Your task :: When copying the records below, keep every word as it is and drop the images.

Saved data entries ::
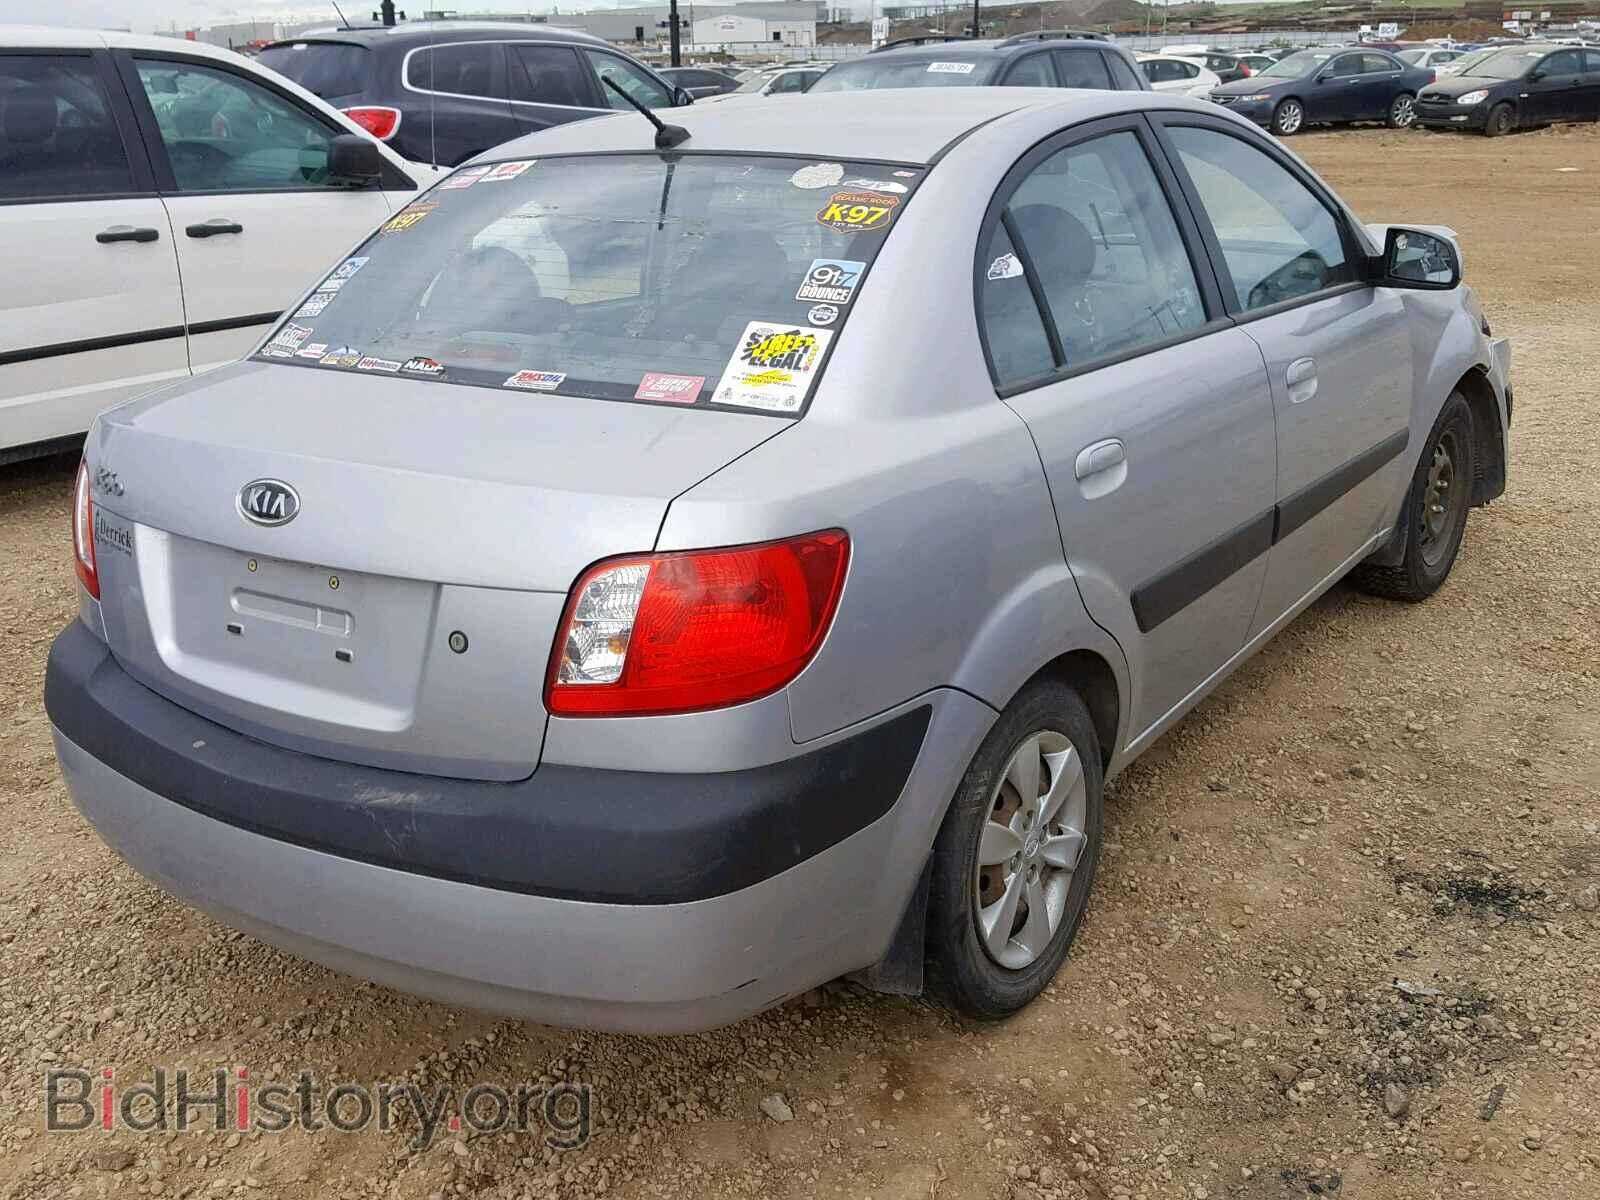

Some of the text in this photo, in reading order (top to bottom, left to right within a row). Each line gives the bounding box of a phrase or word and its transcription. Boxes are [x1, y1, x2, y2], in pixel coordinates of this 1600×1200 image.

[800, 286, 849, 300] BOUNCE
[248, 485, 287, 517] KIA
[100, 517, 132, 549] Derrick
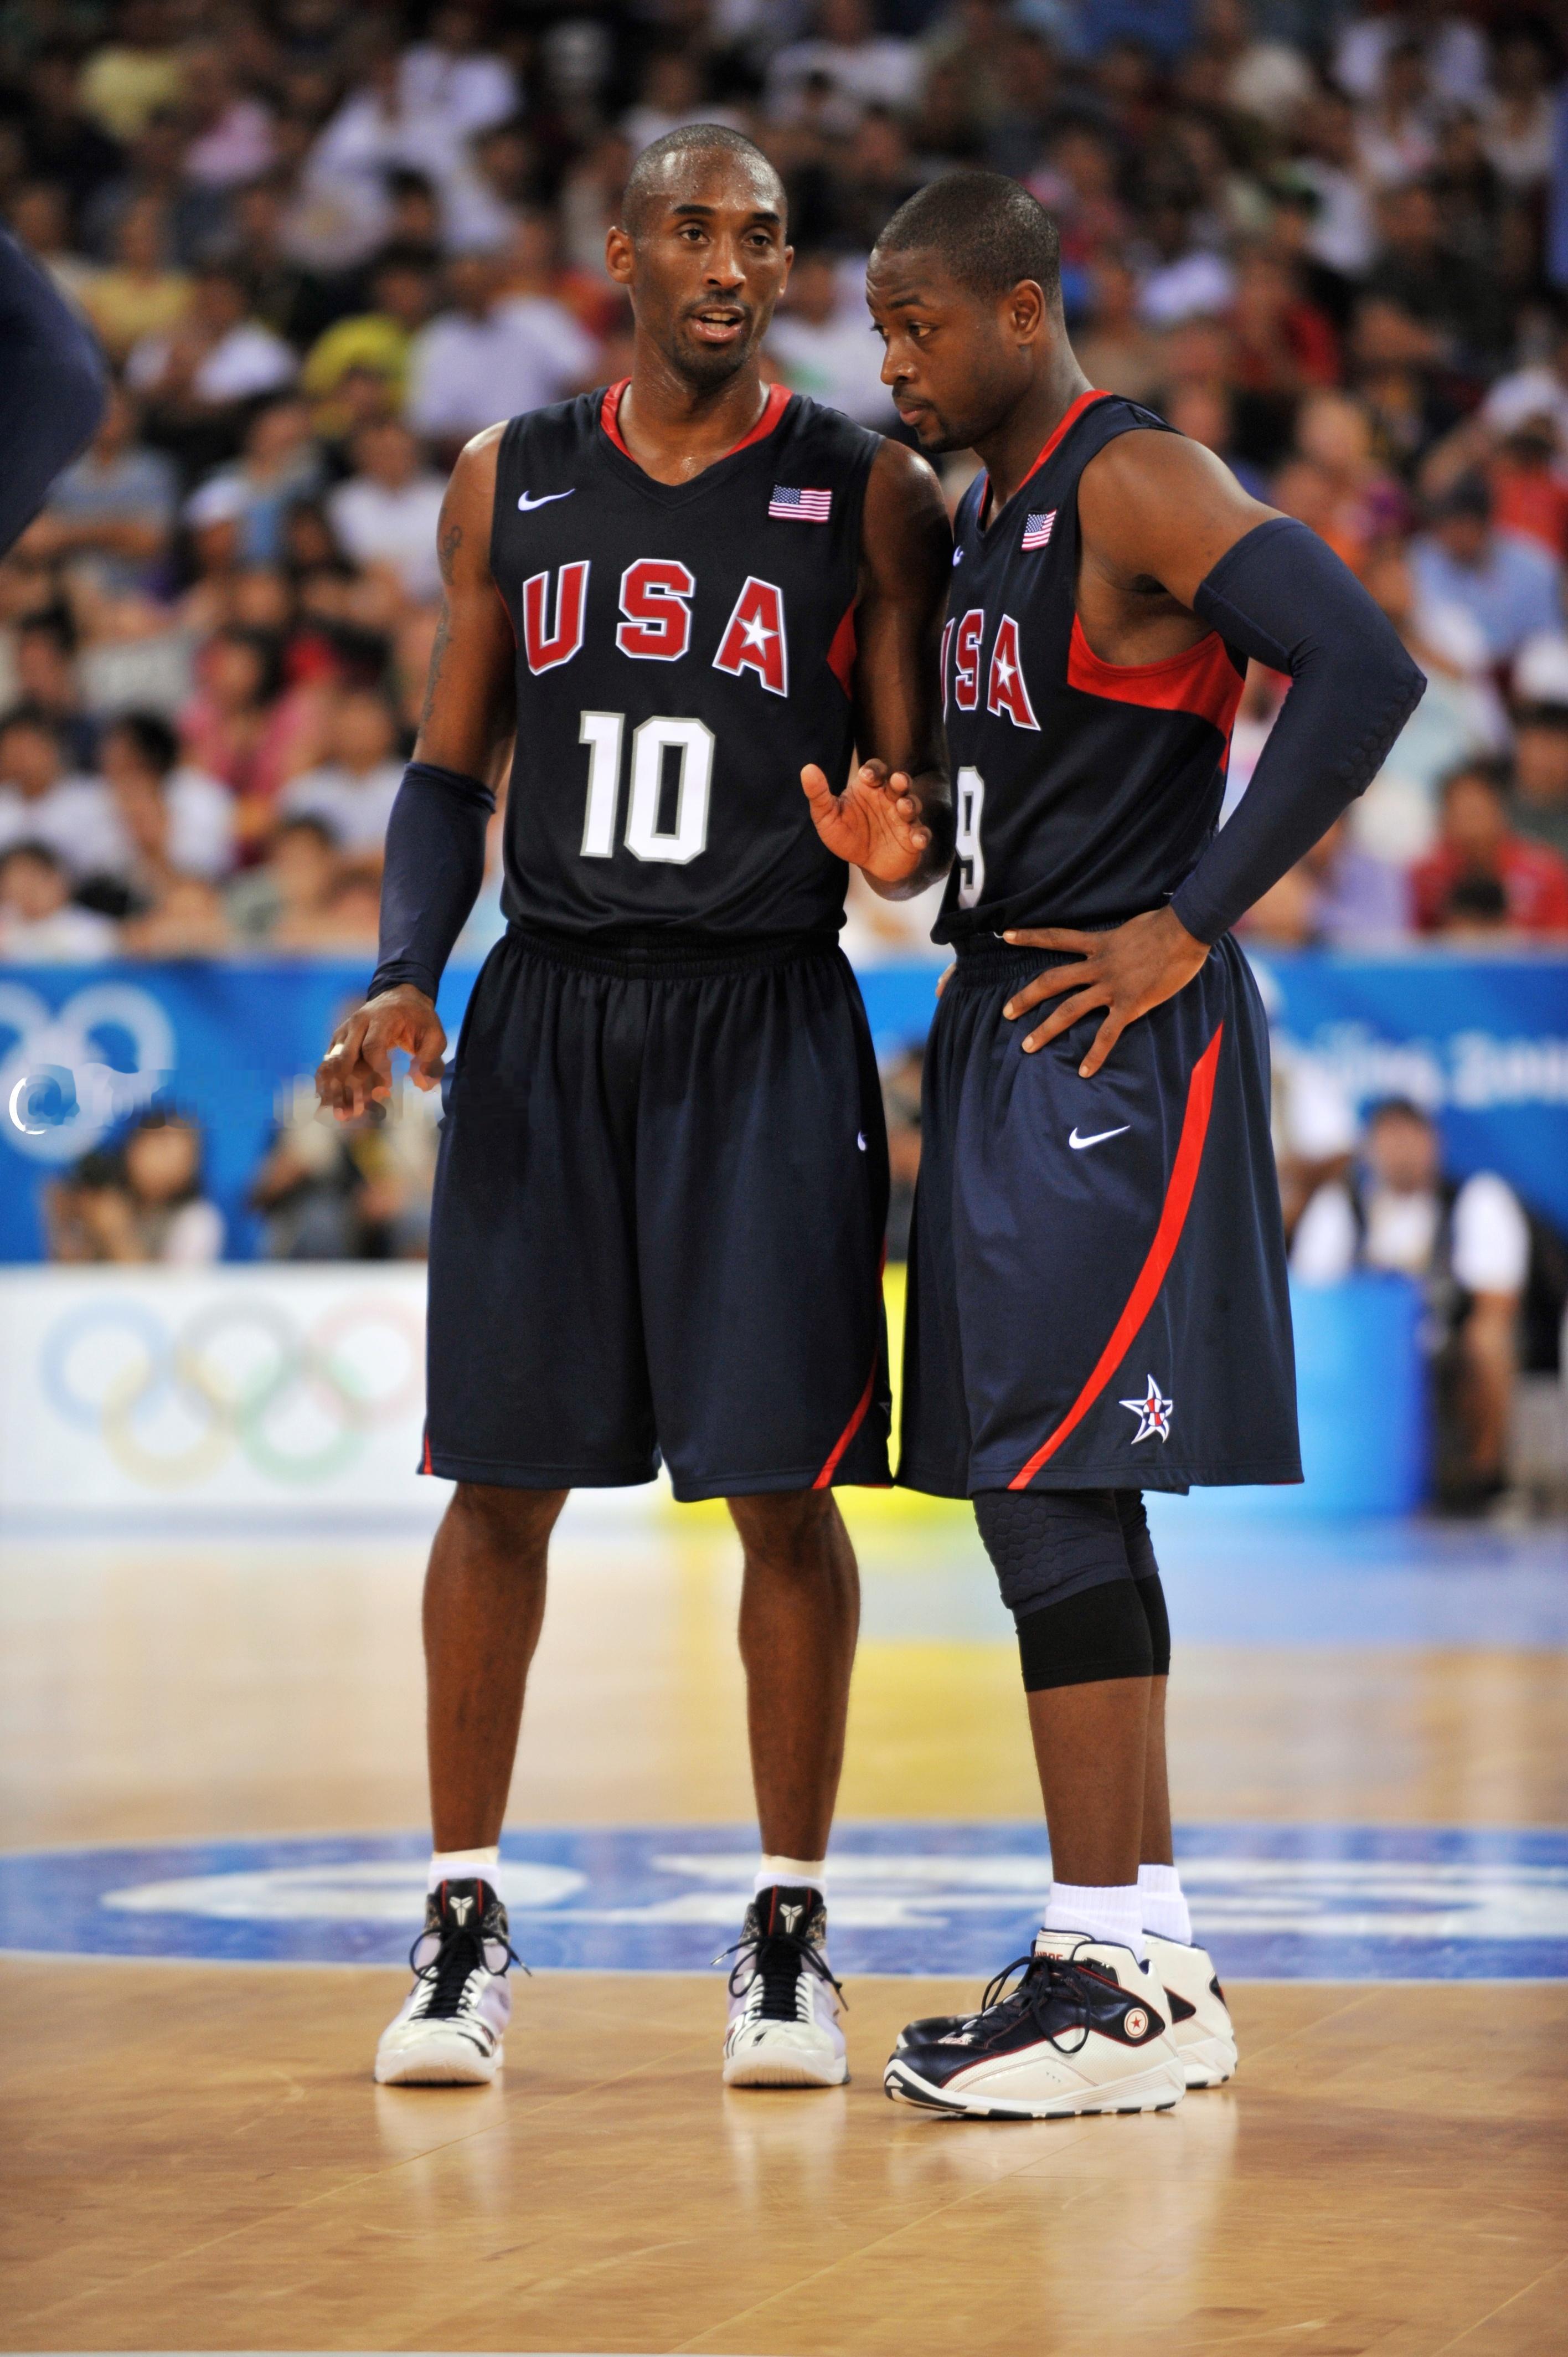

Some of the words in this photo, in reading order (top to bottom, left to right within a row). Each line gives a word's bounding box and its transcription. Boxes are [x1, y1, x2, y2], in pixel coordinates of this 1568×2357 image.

Task output ::
Some of the text in this photo, in reading order (top to bottom, left to right within a row). Each line gives the bounding box of a phrase or word and its transcription. Boxes are [x1, y1, x2, y2], in pixel coordinates of this 1600×1200 image.

[800, 286, 849, 300] BOUNCE
[248, 485, 287, 517] KIA
[100, 517, 132, 549] Derrick

Some of the words in this photo, in reading order (top to bottom, left to right within a row). Each line gives a word's bounding box and its transcription. Boxes are [x1, y1, x2, y2], in pixel coordinates of this 1568×2357 image.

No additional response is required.